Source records
▼

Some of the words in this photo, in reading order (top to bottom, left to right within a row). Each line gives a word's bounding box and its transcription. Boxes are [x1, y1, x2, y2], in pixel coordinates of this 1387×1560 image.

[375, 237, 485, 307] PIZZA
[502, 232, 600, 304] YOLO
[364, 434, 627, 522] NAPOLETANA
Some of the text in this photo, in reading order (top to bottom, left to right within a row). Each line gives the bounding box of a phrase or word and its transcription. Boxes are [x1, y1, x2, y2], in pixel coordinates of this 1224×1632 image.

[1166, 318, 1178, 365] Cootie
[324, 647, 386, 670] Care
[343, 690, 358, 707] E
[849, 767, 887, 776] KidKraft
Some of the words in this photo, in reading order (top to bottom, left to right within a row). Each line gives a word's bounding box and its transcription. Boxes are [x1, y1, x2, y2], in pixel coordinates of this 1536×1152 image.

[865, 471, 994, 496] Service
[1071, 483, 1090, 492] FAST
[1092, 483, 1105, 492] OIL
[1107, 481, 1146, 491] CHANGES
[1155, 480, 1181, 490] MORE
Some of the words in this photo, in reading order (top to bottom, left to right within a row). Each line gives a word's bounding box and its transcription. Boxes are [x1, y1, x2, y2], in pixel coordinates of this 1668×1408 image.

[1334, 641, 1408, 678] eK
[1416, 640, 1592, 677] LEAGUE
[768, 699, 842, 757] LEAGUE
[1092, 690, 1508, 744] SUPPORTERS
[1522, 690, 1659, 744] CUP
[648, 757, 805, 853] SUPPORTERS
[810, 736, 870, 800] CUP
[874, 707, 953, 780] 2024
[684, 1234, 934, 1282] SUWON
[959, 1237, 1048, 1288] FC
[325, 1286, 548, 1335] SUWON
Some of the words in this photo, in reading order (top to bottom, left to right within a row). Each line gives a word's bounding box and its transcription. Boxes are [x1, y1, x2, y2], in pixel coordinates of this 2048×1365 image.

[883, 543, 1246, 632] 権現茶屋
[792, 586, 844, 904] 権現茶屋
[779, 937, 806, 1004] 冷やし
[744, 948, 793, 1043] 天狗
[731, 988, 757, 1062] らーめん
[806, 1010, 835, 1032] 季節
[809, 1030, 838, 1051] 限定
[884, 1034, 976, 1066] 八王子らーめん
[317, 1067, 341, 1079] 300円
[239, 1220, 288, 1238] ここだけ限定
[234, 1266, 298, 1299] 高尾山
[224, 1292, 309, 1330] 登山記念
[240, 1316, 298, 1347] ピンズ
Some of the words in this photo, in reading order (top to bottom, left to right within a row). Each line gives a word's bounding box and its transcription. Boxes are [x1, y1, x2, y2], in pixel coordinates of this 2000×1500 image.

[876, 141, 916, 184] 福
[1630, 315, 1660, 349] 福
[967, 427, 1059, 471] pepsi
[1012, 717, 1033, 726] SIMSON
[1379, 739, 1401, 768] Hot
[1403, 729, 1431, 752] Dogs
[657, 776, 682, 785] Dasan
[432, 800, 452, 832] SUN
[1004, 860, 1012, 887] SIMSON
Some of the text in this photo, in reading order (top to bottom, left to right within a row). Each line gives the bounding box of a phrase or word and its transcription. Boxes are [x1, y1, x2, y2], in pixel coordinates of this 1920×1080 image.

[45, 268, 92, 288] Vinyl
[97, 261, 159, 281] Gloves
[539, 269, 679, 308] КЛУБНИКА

▲

Each line from the one containing "this 1920×1080 image." to the last line above must be returned exactly, and no line outside that range.

ANSWER TO THIS EXERCISE
Some of the text in this photo, in reading order (top to bottom, left to right within a row). Each line gives the bounding box of a phrase or word and its transcription. Boxes are [x1, y1, x2, y2], in pixel coordinates of this 1920×1080 image.

[45, 268, 92, 288] Vinyl
[97, 261, 159, 281] Gloves
[539, 269, 679, 308] КЛУБНИКА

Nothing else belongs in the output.